How to Convert string to UTF-8 in Python

Sometimes you may need to convert string to UTF-8 in Python, especially for your web application to make it work across browsers. This can also happen if you are using python 2.x that works with ASCII encoding by default, instead of utf8. There are multiple ways to convert string to UTF8. We will look at each of them one by one. By the way, this is not a problem in Python 3.x since all strings in it are Unicode.


How to Convert string to UTF-8 in Python

Here are the different ways to convert string to UTF8 in Python.

Let us say you have the following string.

>>> test="abc"
>>> type(test)
<type 'str'>

You can convert string into utf-8 using unicode function.

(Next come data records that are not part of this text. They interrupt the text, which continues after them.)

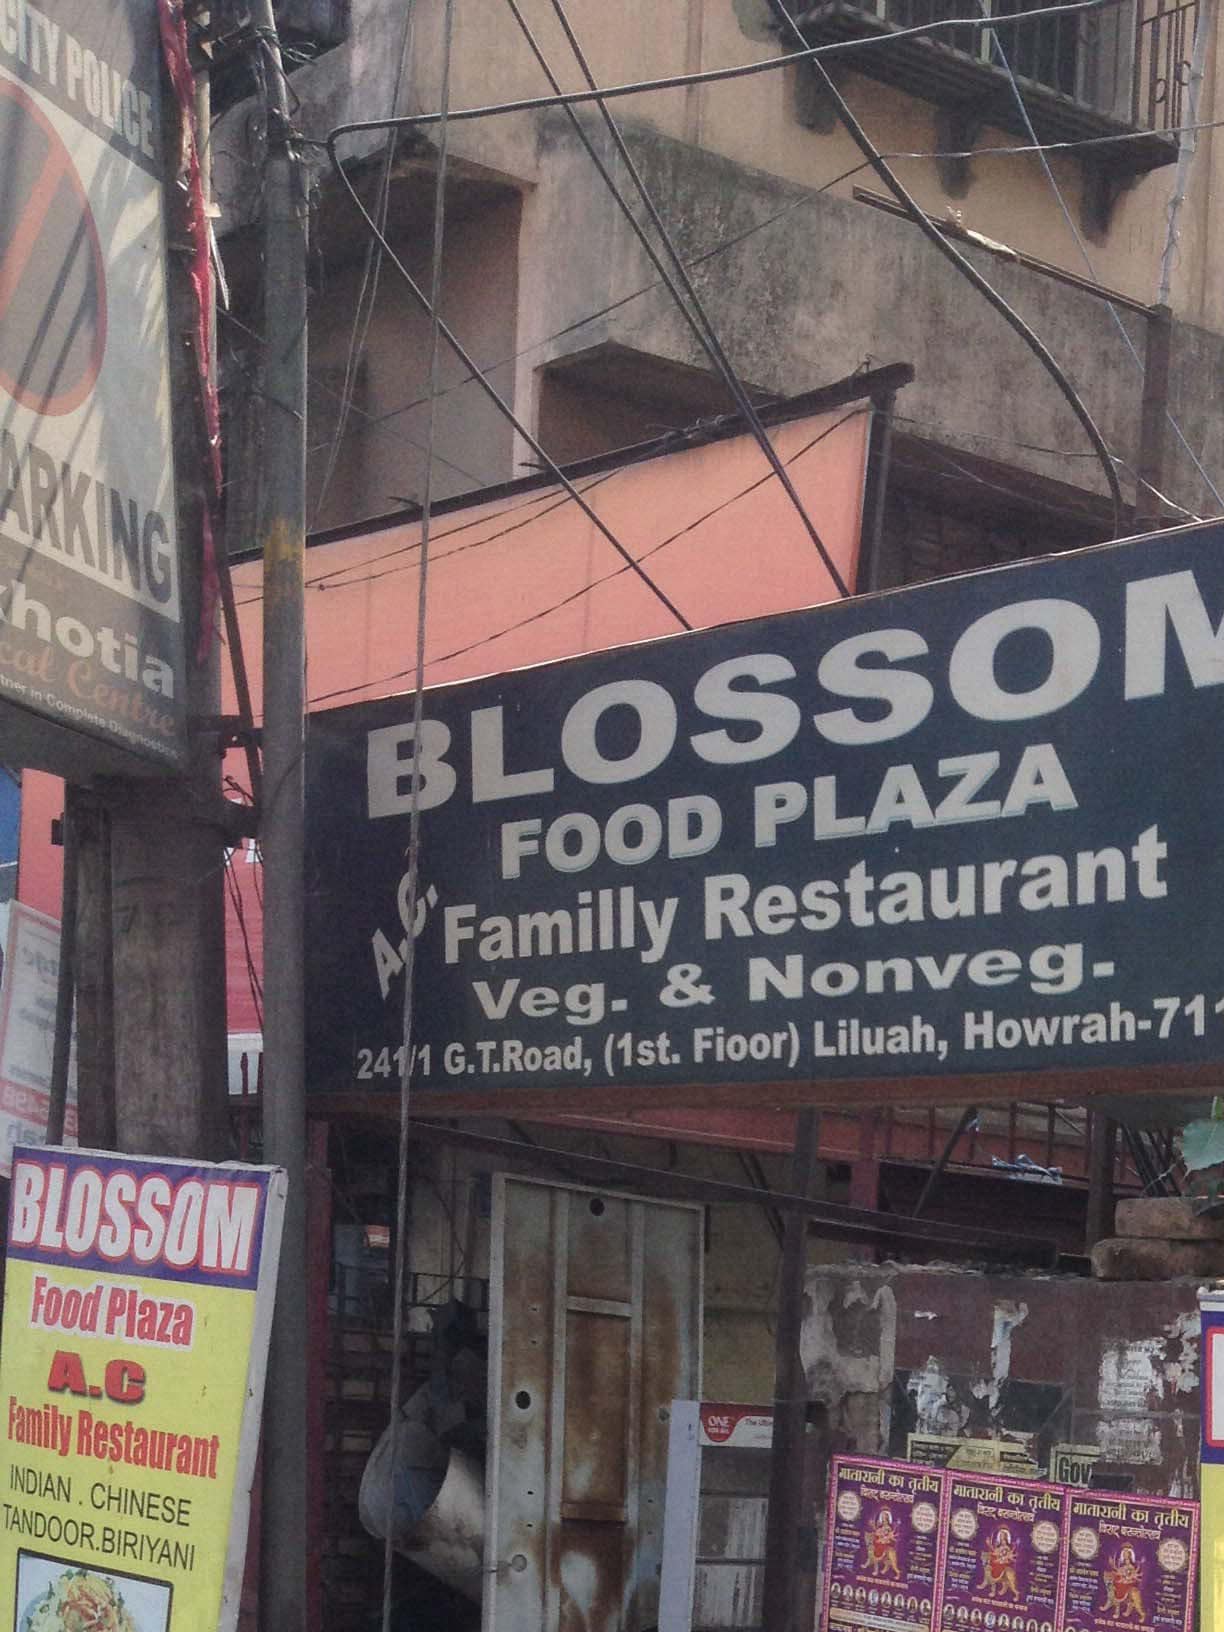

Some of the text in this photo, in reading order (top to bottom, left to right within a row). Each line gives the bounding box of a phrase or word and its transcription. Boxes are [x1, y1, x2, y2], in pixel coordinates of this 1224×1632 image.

[65, 33, 155, 160] POLICE
[501, 743, 1079, 880] FOOD PLAZA
[444, 822, 1168, 965] Familly Restaurant
[472, 978, 628, 1026] Veg.
[659, 962, 716, 1008] &
[443, 1036, 593, 1078] G.T.Road,
[604, 1031, 681, 1077] (1st.
[813, 1016, 949, 1061] Liluah,
[10, 1162, 259, 1272] BLOSSOM
[31, 1276, 194, 1346] Food Plaza
[47, 1350, 147, 1406] A.C
[8, 1396, 220, 1479] Family Restaurant
[10, 1465, 72, 1504] INDIAN
[90, 1483, 192, 1528] CHINESE
[888, 1474, 905, 1488] का
[908, 1476, 940, 1495] तृतीय
[1007, 1491, 1025, 1506] का
[1028, 1492, 1061, 1514] तृतीय
[3, 1505, 195, 1571] TANDOOR.BIRIYANI
[1131, 1509, 1149, 1523] का
[1154, 1508, 1190, 1532] तृतीय

>>> unitest = unicode(test)
>>> unitest
>>> u'abc'
>>> type(unitest)
>>> <type 'unicode'>

Also read : How to Undo Git Commit

You can also convert string to utf-8 using decode() function as shown below.

>>> unitest = test.decode()
>>> unitest
>>> u'abc'
>>> type(unitest)
>>> <type 'unicode'>

If you want to convert it utf-8 to string just use encode() function as shown below.

>>> string_test = unitest.encode()
>>> string_test
>>> 'abc'
>>> type(string_test)
>>> <type 'str'>

Also read : How to Delete lines in vi editor

If you are using python in a web application or mobile app, then instead of calling the above functions every time, it is advisable to add the following line to the top of your .py file.

# -*- coding: utf-8 -*-

This will ensure that all data transfer happens with UTF-8 encoding. Otherwise, you may end up getting “UnicodeDecodeError: ‘utf8’ codec can’t decode byte” error.